Elezioni comunali Roma 2016: essere Raggi o essere raggirati

ELEZIONI COMUNALI ROMA 2016 – S.P.Q.R. “Sono Pazzi Questi Romani”, diceva Asterix. “Roma ai romani”, dice uno slogan della candidata M5S a sindaco della Capitale, l’avvocato Virginia Raggi.

Sulla base di sensazioni infondate e pregiudizi (sono italiano anch’io, in fondo), avevo storto il naso per la scelta della Raggi. L’altro consigliere comunale, Marcello De Vito, mi pareva una carta più azzeccata da giocare, anche solo per questioni pragmatiche. L’elettorato italiano è maschilista, donne comprese (Berlusconi era votatissimo dalle casalinghe), e raramente premia gli under 40 (infatti Renzi non l’ha votato nessuno).

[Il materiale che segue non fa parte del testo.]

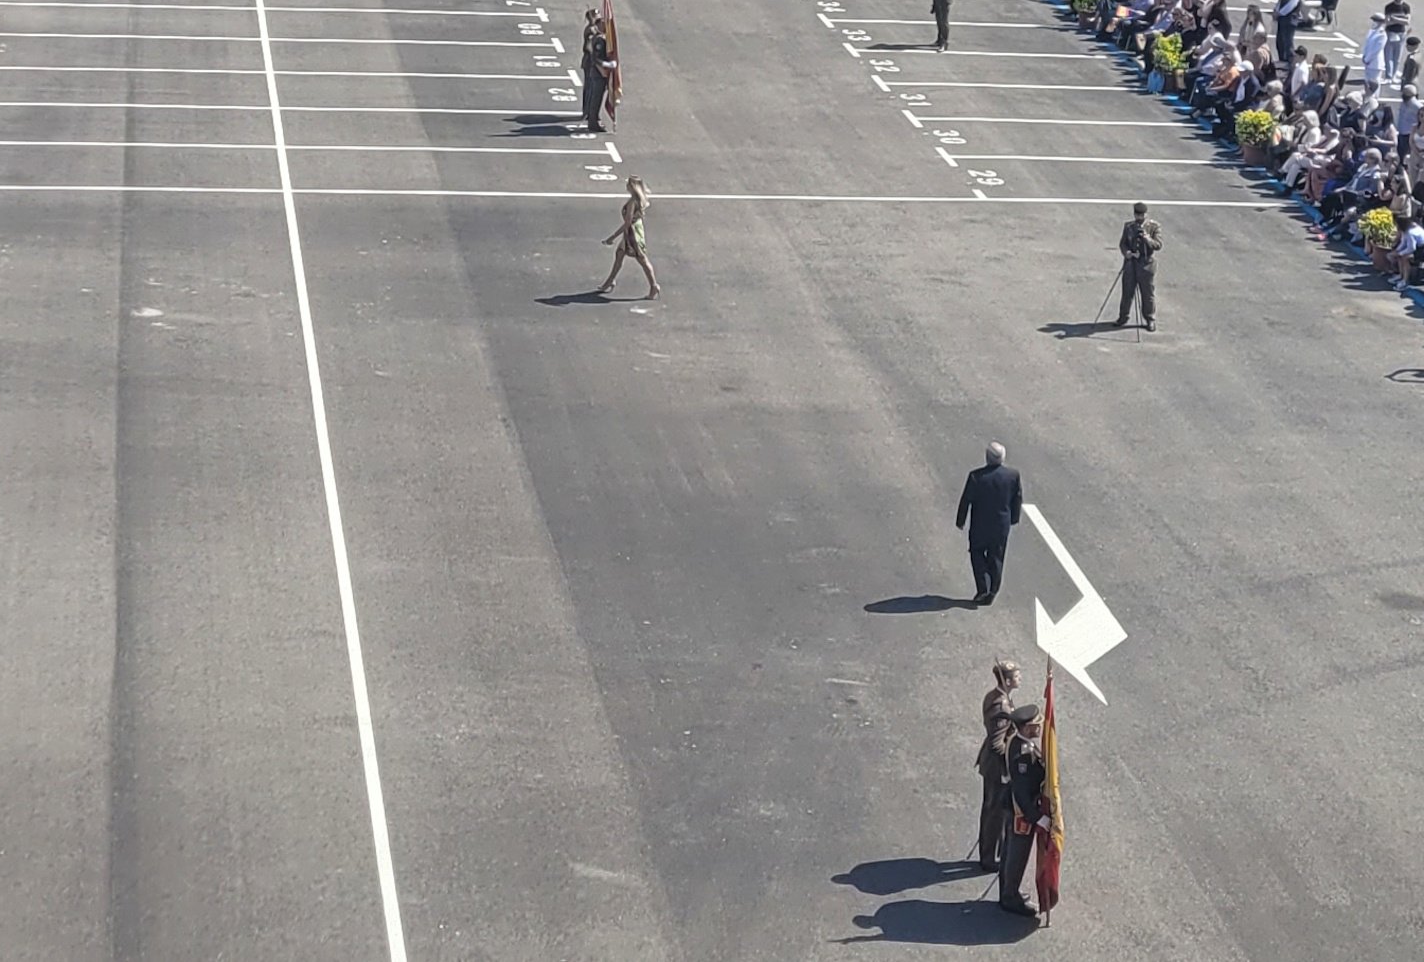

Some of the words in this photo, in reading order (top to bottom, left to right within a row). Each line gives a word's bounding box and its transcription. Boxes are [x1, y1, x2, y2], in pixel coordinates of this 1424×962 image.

[817, 1, 846, 12] 34
[517, 23, 544, 35] 80
[842, 29, 872, 41] 33
[533, 56, 561, 67] 81
[869, 59, 900, 72] 32
[548, 88, 577, 101] 82
[900, 93, 932, 106] 31
[933, 130, 967, 144] 30
[584, 165, 618, 180] 84
[967, 169, 1004, 185] 29

Ieri notte ho ascoltato Virginia Raggi a ‘Porta a porta’ e ho capito di aver sbagliato. Di fronte a tre poliziotti cattivi, l’avvocato Raggi non ha battuto ciglio. E’ stata pacata e preparata, ha dimostrato di conoscere Roma e ha risposto puntualmente alle domande, al contrario di quanto sostenuto dalla giornalista del Corriere, entrata in studio spruzzando veleno contro la pentastellata ancor prima di sedersi.

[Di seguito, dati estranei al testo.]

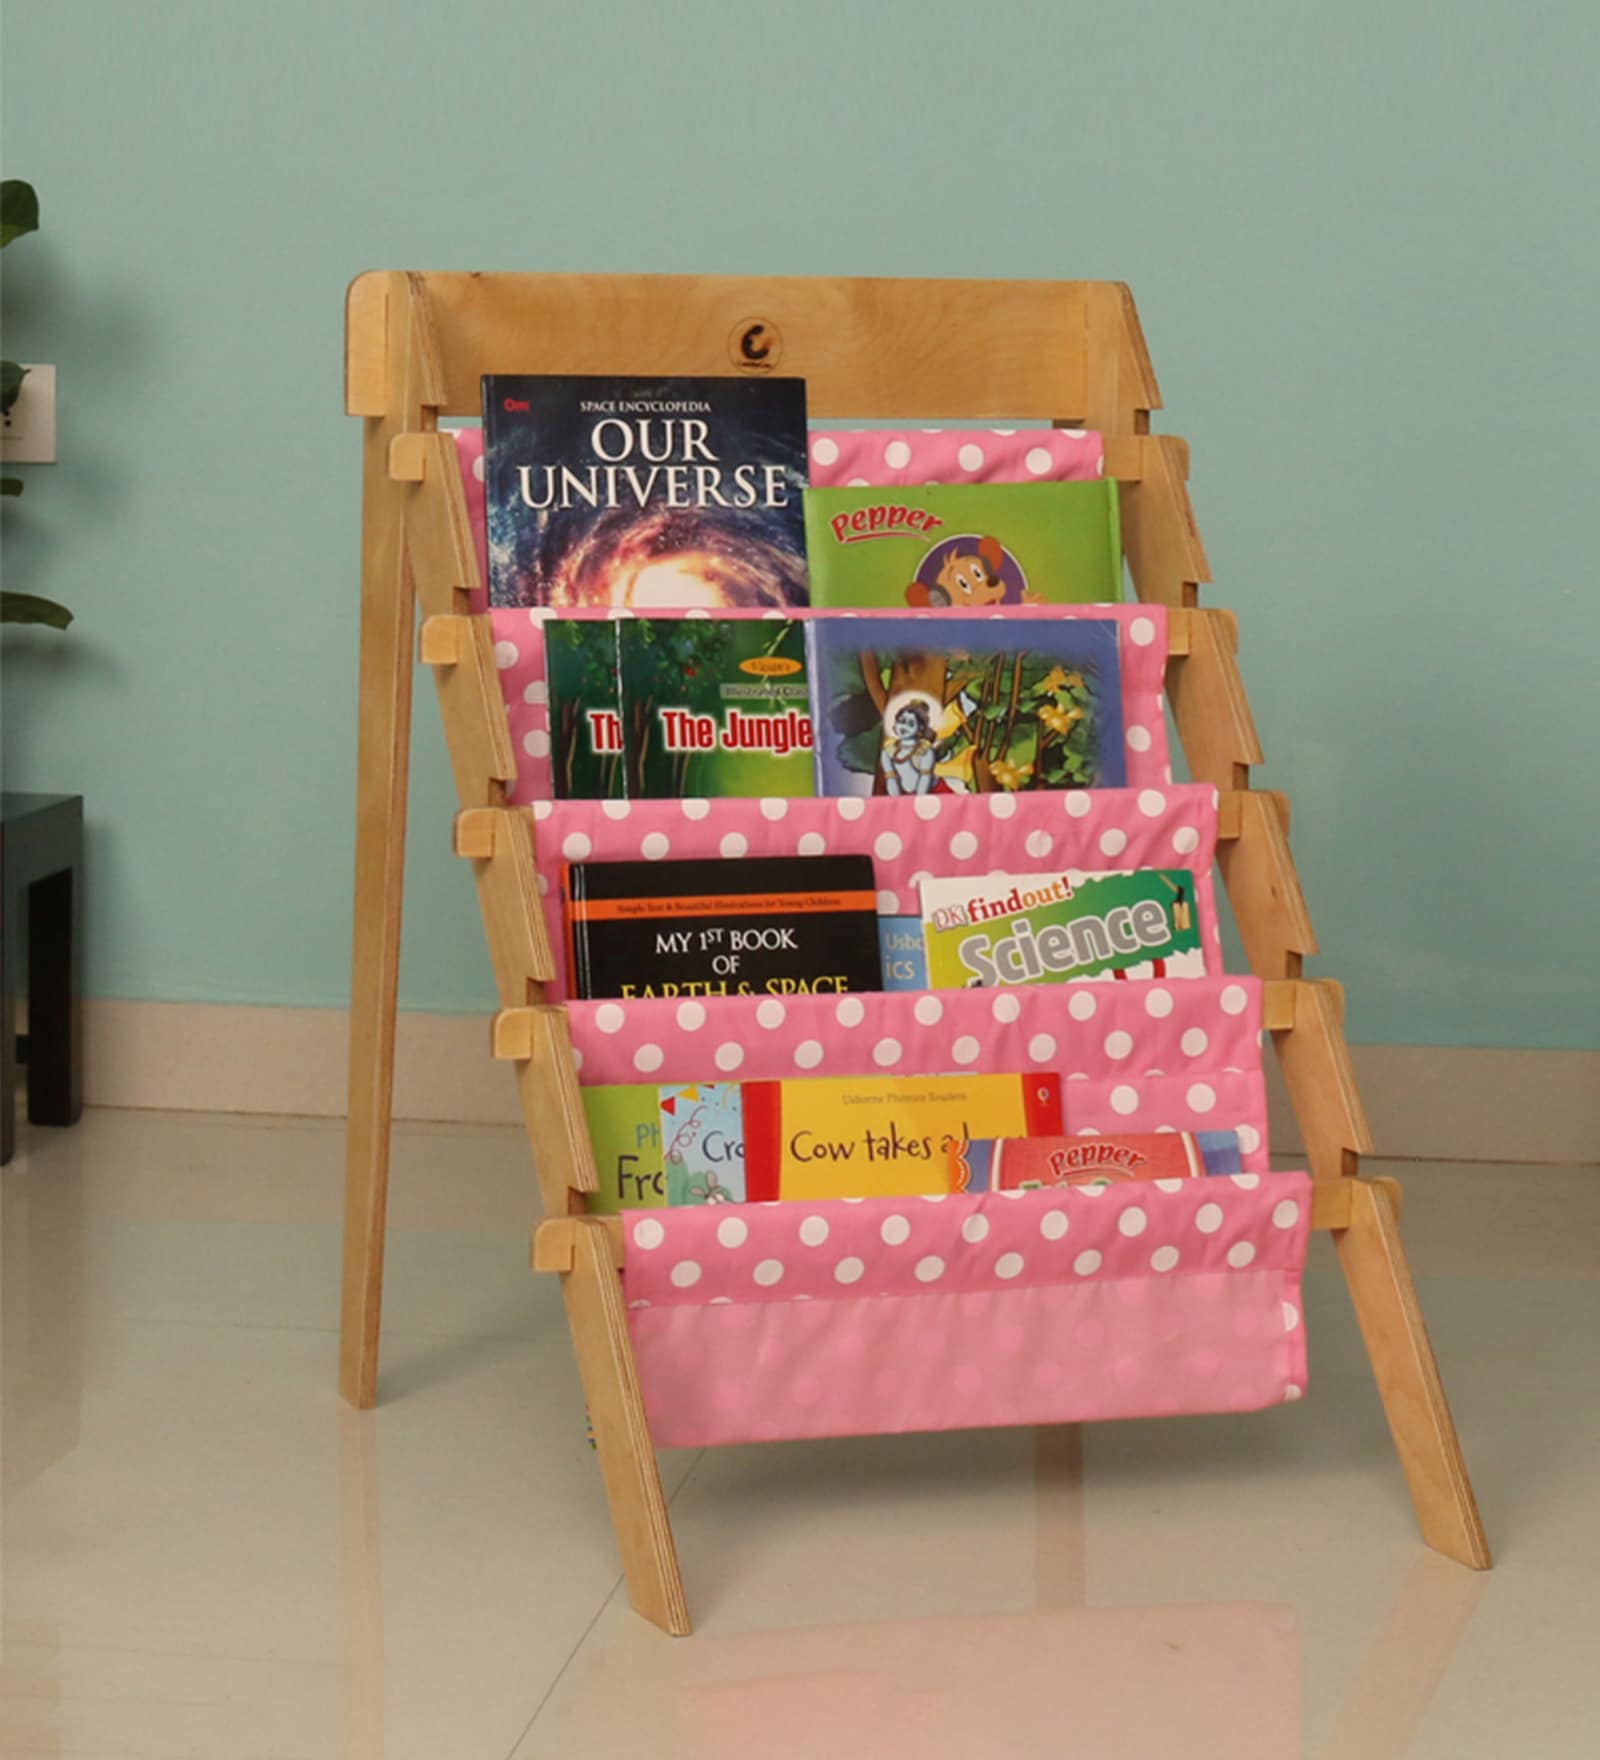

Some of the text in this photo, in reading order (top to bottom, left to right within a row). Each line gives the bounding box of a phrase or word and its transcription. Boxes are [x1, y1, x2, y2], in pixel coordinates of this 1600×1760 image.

[580, 401, 711, 413] SPACE ENCYCLOPEDIA
[591, 418, 719, 462] OUR
[516, 465, 789, 509] UNIVERSE
[831, 504, 943, 543] Pepper
[660, 710, 814, 754] The Jungle
[967, 877, 1074, 923] findout!
[656, 933, 693, 954] MY
[730, 928, 798, 951] BOOK
[959, 899, 1172, 988] Science
[712, 955, 741, 976] OF
[621, 975, 848, 999] EARTH & SPACE
[790, 1130, 855, 1163] Cow
[863, 1121, 932, 1161] takes
[1050, 1143, 1145, 1176] Pepper

Mescolando Asterix e slogan M5S, la domanda è: “Sono Raggi questi romani”? C’è da chiederselo, perché nelle elezioni comunali 2016 i romani decideranno cosa vogliono essere.

Virginia Raggi, candidata M5S a sindaco di Roma, ieri ospite da Bruno Vespa.

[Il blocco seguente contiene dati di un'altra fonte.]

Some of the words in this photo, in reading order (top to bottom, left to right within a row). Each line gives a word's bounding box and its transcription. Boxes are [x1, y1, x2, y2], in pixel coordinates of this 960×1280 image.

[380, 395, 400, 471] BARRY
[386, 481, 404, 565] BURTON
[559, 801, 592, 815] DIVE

Pubblicato da Newspedia su Mercoledì 2 marzo 2016

Da una parte c’è l’illusione ottica di Roberto Giachetti, un personaggio pure lui pacato, pure lui onesto, ma dietro il quale si nasconde il mostruoso Partito della Nazione di Renzi e Verdini. I romani sapranno vedere oltre l’allucinazione della barbetta da vecchio saggio e della voce baritonale di Giachetti? La candida ammissione di Giachetti sull’assenza di programma è rivelatrice: non contano le idee da realizzare, ma il partito da rappresentare e servire.

Dall’altra parte c’è il Centrodestra in stato confusionale, diviso in un numero X di candidati, così determinato al suicidio da far pensare che, sotto sotto, una vittoria della Raggi non lo angustierebbe oltremodo. Senza voler fare retroscena avventurosi, è facile pronosticare che, con un Centrodestra in preda alla sua  personalità multipla, sarebbero la Raggi e Giachetti ad andare al ballottaggio, così come è facile indovinare chi si piglierebbero gli elettori di Centrodestra al secondo turno.

E infine ci sono il MoVimento 5 Stelle e Virginia Raggi. Una scelta rivoluzionaria che i romani prenderebbero non solo per se stessi, ma forse anche per l’Italia intera: conquistare il Campidoglio sarebbe il trampolino di lancio per la vittoria del M5S nelle prossime elezioni Politiche (che, fino a prova contraria, prima o poi dovrebbero esserci).

Cambiare pagina o continuare a rispolverare quelle già scritte dai partiti e da Mafia Capitale: i romani dovranno decidere se essere Raggi o essere raggirati.